Records from a collection
# # # # # # #
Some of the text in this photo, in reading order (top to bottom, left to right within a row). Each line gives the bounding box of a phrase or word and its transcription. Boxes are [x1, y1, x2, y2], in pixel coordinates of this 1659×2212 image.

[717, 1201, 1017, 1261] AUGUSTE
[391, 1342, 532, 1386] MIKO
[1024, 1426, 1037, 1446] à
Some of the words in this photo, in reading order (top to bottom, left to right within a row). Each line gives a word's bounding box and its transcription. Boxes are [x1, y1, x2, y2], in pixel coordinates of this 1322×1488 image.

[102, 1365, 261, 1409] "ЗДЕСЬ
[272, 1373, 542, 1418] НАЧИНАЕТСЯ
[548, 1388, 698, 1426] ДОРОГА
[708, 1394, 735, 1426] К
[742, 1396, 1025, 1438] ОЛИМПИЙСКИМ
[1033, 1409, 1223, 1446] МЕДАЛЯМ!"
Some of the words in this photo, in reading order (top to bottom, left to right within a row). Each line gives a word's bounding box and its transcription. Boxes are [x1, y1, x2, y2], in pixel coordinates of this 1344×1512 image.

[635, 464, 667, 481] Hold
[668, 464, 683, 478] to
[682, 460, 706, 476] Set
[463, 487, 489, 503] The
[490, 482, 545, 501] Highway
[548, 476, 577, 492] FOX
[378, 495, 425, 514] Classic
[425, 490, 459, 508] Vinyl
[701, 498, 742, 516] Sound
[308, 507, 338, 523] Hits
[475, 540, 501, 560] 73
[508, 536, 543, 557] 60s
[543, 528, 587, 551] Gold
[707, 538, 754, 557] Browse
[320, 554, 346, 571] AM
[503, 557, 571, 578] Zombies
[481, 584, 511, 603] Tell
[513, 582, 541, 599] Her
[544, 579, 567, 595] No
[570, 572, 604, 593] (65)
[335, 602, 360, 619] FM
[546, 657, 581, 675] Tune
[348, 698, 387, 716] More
# # # # # # #
About this task: Please restate the records in full, word for word.

Exercise output:
Some of the text in this photo, in reading order (top to bottom, left to right within a row). Each line gives the bounding box of a phrase or word and its transcription. Boxes are [x1, y1, x2, y2], in pixel coordinates of this 1659×2212 image.

[717, 1201, 1017, 1261] AUGUSTE
[391, 1342, 532, 1386] MIKO
[1024, 1426, 1037, 1446] à
Some of the words in this photo, in reading order (top to bottom, left to right within a row). Each line gives a word's bounding box and its transcription. Boxes are [x1, y1, x2, y2], in pixel coordinates of this 1322×1488 image.

[102, 1365, 261, 1409] "ЗДЕСЬ
[272, 1373, 542, 1418] НАЧИНАЕТСЯ
[548, 1388, 698, 1426] ДОРОГА
[708, 1394, 735, 1426] К
[742, 1396, 1025, 1438] ОЛИМПИЙСКИМ
[1033, 1409, 1223, 1446] МЕДАЛЯМ!"
Some of the words in this photo, in reading order (top to bottom, left to right within a row). Each line gives a word's bounding box and its transcription. Boxes are [x1, y1, x2, y2], in pixel coordinates of this 1344×1512 image.

[635, 464, 667, 481] Hold
[668, 464, 683, 478] to
[682, 460, 706, 476] Set
[463, 487, 489, 503] The
[490, 482, 545, 501] Highway
[548, 476, 577, 492] FOX
[378, 495, 425, 514] Classic
[425, 490, 459, 508] Vinyl
[701, 498, 742, 516] Sound
[308, 507, 338, 523] Hits
[475, 540, 501, 560] 73
[508, 536, 543, 557] 60s
[543, 528, 587, 551] Gold
[707, 538, 754, 557] Browse
[320, 554, 346, 571] AM
[503, 557, 571, 578] Zombies
[481, 584, 511, 603] Tell
[513, 582, 541, 599] Her
[544, 579, 567, 595] No
[570, 572, 604, 593] (65)
[335, 602, 360, 619] FM
[546, 657, 581, 675] Tune
[348, 698, 387, 716] More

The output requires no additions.